Potosi reintegration program aims to get prisoners out of solitary confinement
A team of prison administrators, medical staff, officers and volunteers at Potosi Correctional Facility are working together to decrease the number of prisoners in solitary confinement at the eastern Missouri facility.
They work together to create customized programs for the selected group of offenders, with the goal of decreasing their individual behavior violations and eventually moving them back into the general prison population. The program is unlike any other within the Missouri Department of Corrections.

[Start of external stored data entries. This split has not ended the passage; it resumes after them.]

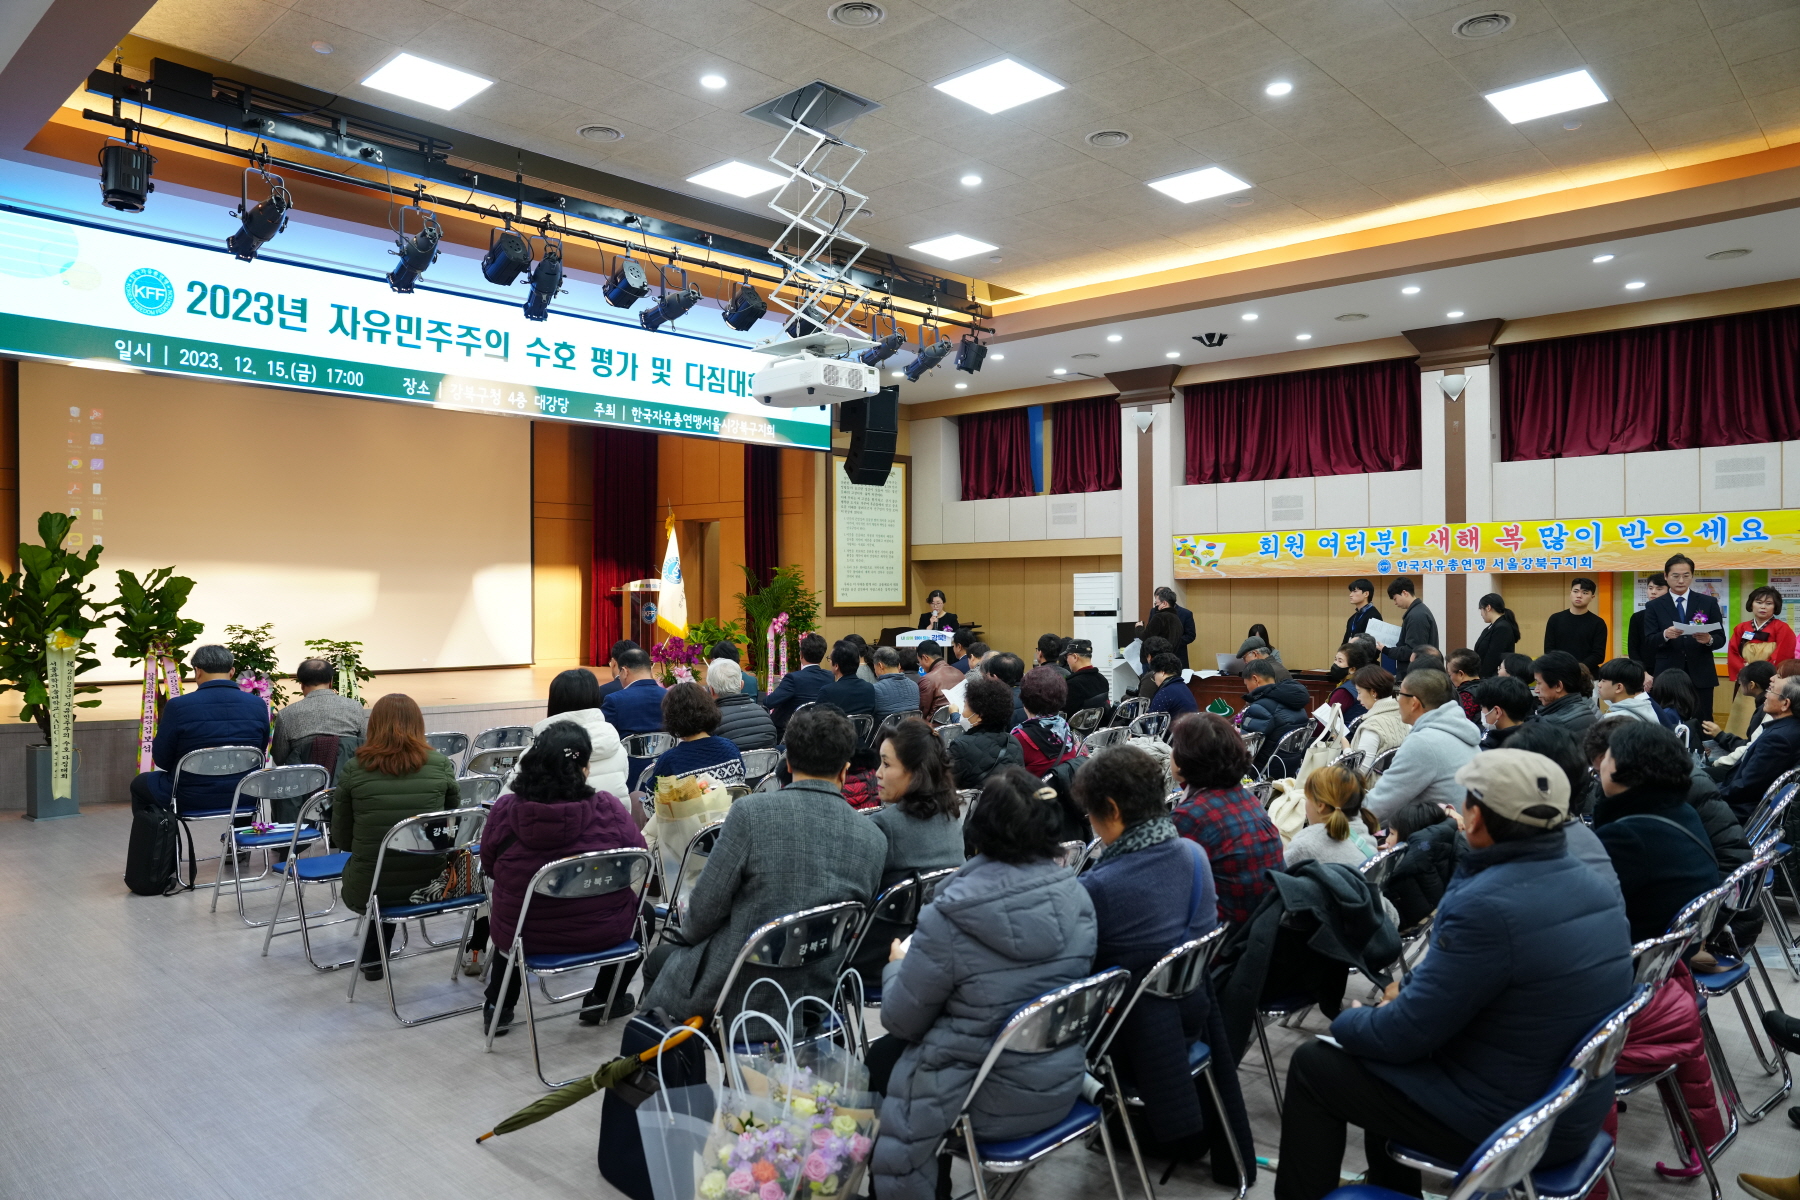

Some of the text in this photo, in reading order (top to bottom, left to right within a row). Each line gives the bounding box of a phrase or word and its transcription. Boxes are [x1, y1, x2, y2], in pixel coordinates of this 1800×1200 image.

[145, 88, 152, 102] 1
[267, 120, 276, 134] 2
[376, 150, 383, 163] 3
[134, 284, 166, 301] KFF
[186, 280, 308, 333] 2023년
[328, 303, 510, 362] 자유민주주의
[526, 336, 576, 371] 수호
[590, 346, 639, 382] 평가
[651, 356, 671, 387] 및
[114, 339, 364, 387] 일시 2023. 12. 15.(금) 17:00
[402, 377, 570, 414] 장소 강북구청 4층 대강당
[593, 402, 616, 420] 주최
[1258, 516, 1769, 559] 회원 여러분! 새해 복 많이 받으세요
[1396, 556, 1593, 573] 한국자유총연맹 서울강북구지회
[433, 824, 459, 837] 강북구
[583, 875, 613, 889] 강북구
[799, 937, 828, 956] 강북구

There are currently 24 inmates working with the reintegration unit. The inmates, described by officials as egregious and self-destructive, were selected from facilities across the state to move to Potosi, where they now receive the customized help. Education, art therapy, medication adjustments and additional mental counseling are some of the tools used as incentives for encouraging good behavior, which in turn decreases the violations that keep them segregated. Many of these programs are typically unavailable to inmates in solitary confinement.
George Lombardi is the Director of the Missouri Department of Corrections. He said some participants have done so well, they have already successfully rejoined the general prison population. He credits the multidisciplinary approach and the respect amongst staff as being key factors for the unit’s success.

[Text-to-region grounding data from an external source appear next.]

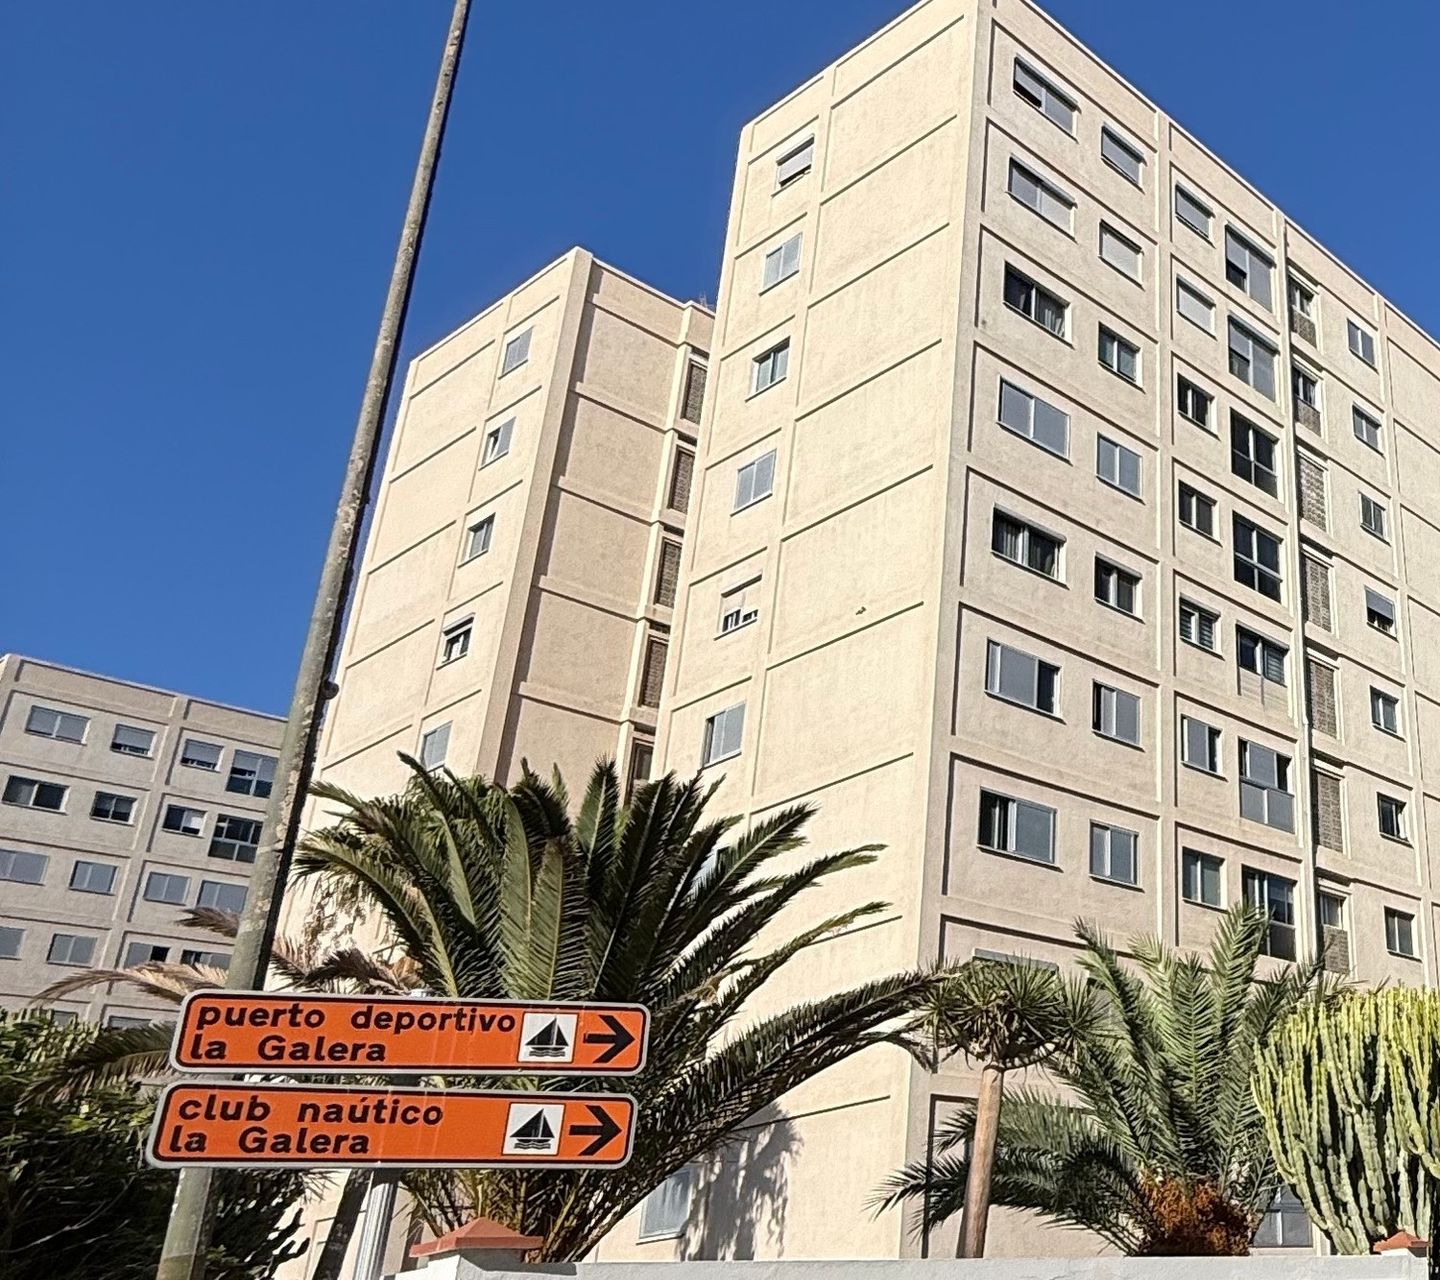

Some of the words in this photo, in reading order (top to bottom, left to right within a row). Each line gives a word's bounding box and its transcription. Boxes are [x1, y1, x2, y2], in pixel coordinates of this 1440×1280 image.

[197, 1003, 326, 1030] puerto
[350, 1005, 516, 1035] deportivo
[190, 1034, 227, 1060] la
[257, 1035, 386, 1062] Galera
[178, 1094, 271, 1122] club
[297, 1097, 443, 1126] naútico
[169, 1125, 206, 1153] la
[238, 1126, 370, 1154] Galera

“It has to do with the fact that each member of the team of people that are working with us have equal say in whether or not a person should progress or regress accordingly,” Lombardi said.
Lombardi explained the essence of the program is in recognizing the other factors that drive these individuals with long histories of behavioral problems to engage in assaultive and self-destructive behavior. He said the decline in mental health services across the country has fueled the problems within correctional facilities. Many of the offenders in solitary confinement suffer from mental health ailments.
Researchers have studied the effects of long-term segregation and have found that isolation can fuel these ailments and lead to further behavioral and mental obstacles for the incarcerated. Increased levels of suicide and recidivism are high amongst inmates in solitary confinement.
After using the individualized programs, assaults and other behavioral violations are down. Lombardi explained that the 24 offenders in the program had a total of 475 conduct violations over a three-year period. That number has dropped to less than 30 since the unit began working with them.
Gov. Jay Nixon recently awarded the Potosi Correctional Facility Reintegration Unit with an award for innovation. The annual award is part of the Governor’s Award for Quality and Productivity. The innovation award recognizes teams of Missouri state employees who creatively improve existing programs.
Wanda Seeney is the Community Outreach and Marketing Director for the Missouri Office of Administration. Seeney believes the award confirms the success of the program and gives the program the credibility it needs.
“The information and data is shared online, within state government and with other states so they can review and access and see what we’re doing and perhaps mirror the process and program," Seeney said.
Lombardi believes the work at Potosi is possible at more facilities across the country. He is looking forward to sharing the success at Potosi Correctional with his colleagues across the country.